- Occupation: Chairman of the Board of Trustees of the University of Central Asia

= Shamsh Kassim-Lakha =

Pakistani politician

Shamsh Kassim-Lakha' is a Pakistani businessman, politician, and educational leader. He led the planning, building, and operation of the University of Central Asia (UCA), a regional institution founded by the Presidents of Kazakhstan, Kyrgyzstan, Tajikistan and His Highness the Aga Khan with campuses in the mountain areas of the three countries. He was the Diplomatic Representative of the Aga Khan Development Network in the Kyrgyz Republic from 2014-2017.
He is currently Senior Advisor, Aga Khan Foundation Canada, in which capacity he is Chairman of the Board of Trustees of the University of Central Asia and advises the Foundation on its work in Central and South Asia as well as Eastern Africa.

==Aga Khan University==
Shamsh's academic career began as Founding President of the Aga Khan University (AKU), the first university to be chartered in the private sector in South Asia. As President, he guided AKU for 27 years in eight countries of Asia, Africa, and the United Kingdom. He also led the University's fundraising campaigns, generating over $350 million from private donors, corporations, foundations, and aid agencies.
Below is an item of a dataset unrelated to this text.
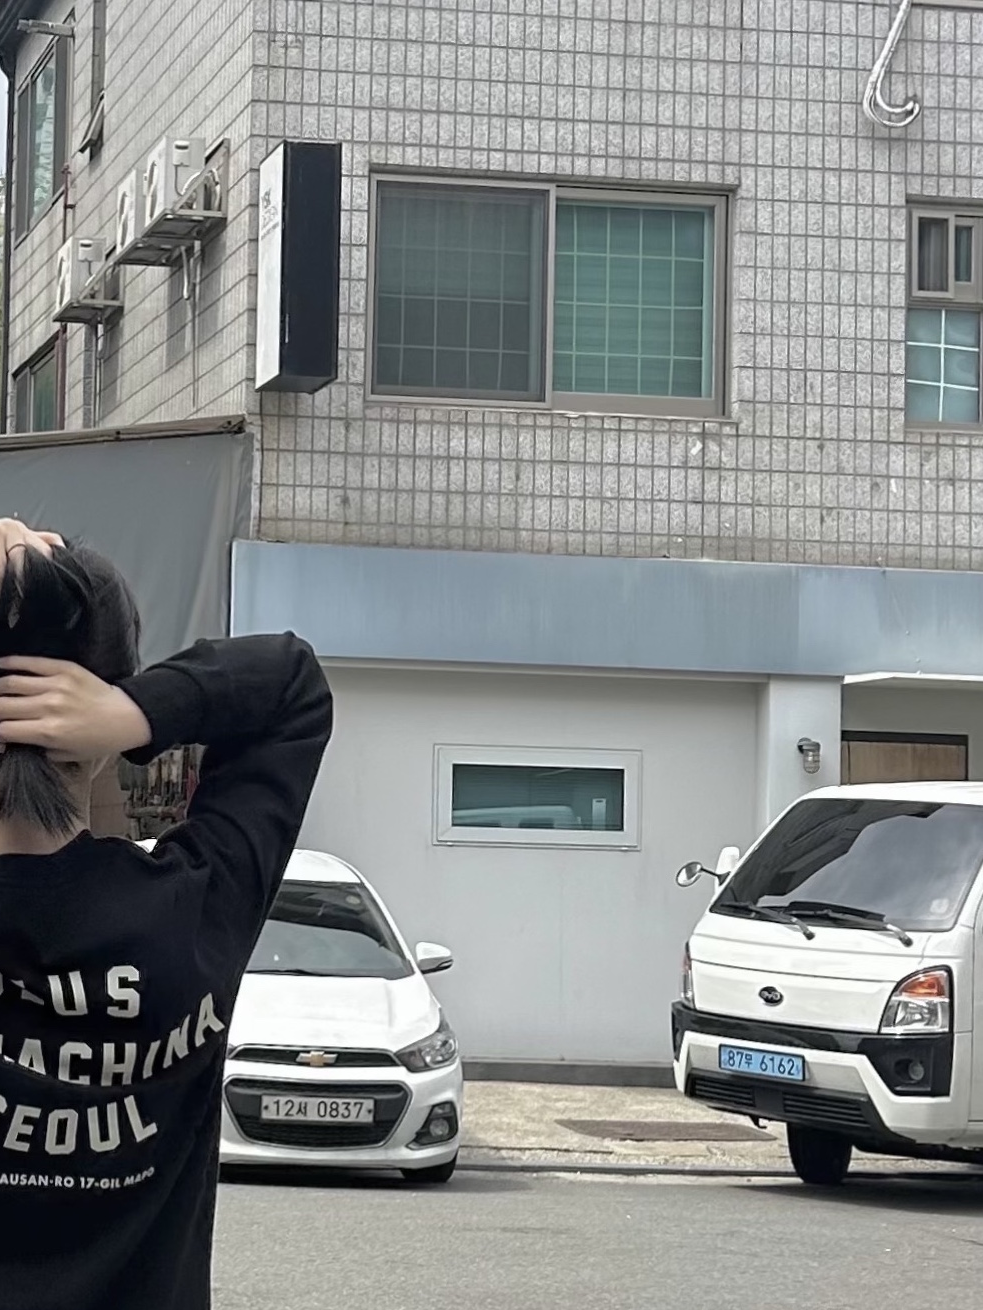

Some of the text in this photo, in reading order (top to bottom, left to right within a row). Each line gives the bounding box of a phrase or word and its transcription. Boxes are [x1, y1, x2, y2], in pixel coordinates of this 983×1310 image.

[728, 1049, 795, 1076] 87무 6162
[273, 1099, 364, 1119] 12서 0837
[79, 1176, 121, 1190] 17-GIL
[123, 1166, 155, 1187] MAPO
==Organisational and philanthropic activity==
He has chaired or served on government commissions and boards of business, professional and research organizations in such diverse fields as government reforms, public sector pay and pensions reforms, higher education reforms, school education, health, finance, banking, energy, environmental protection and climate change.
Shamsh was Pakistan's Federal Minister for Education and for Science and Technology in 2007-2008. He has played pioneering roles in promoting civil society activities, principal among them as Founding Chair of the Pakistan Centre for Philanthropy (PCP). He sat on the worldwide board of the International Baccalaureate Organization, as well as the Steering Committee of the Talloires Network of over 300 universities involved in civic engagement and based at Tufts University, USA. Shamsh was an honorary member of the Pakistan Business Council, an association of 40 of the largest national and multinational corporations in Pakistan and chaired its Education Panel. He has advised and consulted on policy and strategy with selected civil society organizations including the Grameen Bank for their health initiatives, and the World Bank on higher education. He is also a member of the Steering Committee of the Aga Khan Music Awards.

In 1997, Shamsh co-chaired with the Education Minister of Tajikistan the Commission on the Establishment of the University of Central Asia and later helped negotiate the International Treaty and Charter of this institution. During the same period, he chaired the Committee that developed consensus among government, civil society, and industry on key elements of Pakistan's environmental protection laws and drafted the country's National Environment Protection Act (1997). In 2001-2, as Minister of State, he led the government of Pakistan's Task Force on Higher Education Reforms.

==Awards and recognition==
He has received national awards, Sitara-e-Imtiaz and Hilal-e-Imtiaz from the President of Pakistan and Officier de l’Ordre National du Mérite (National Order of Merit (France)) from the President of France, as well as honorary degrees from McMaster University and the Aga Khan University.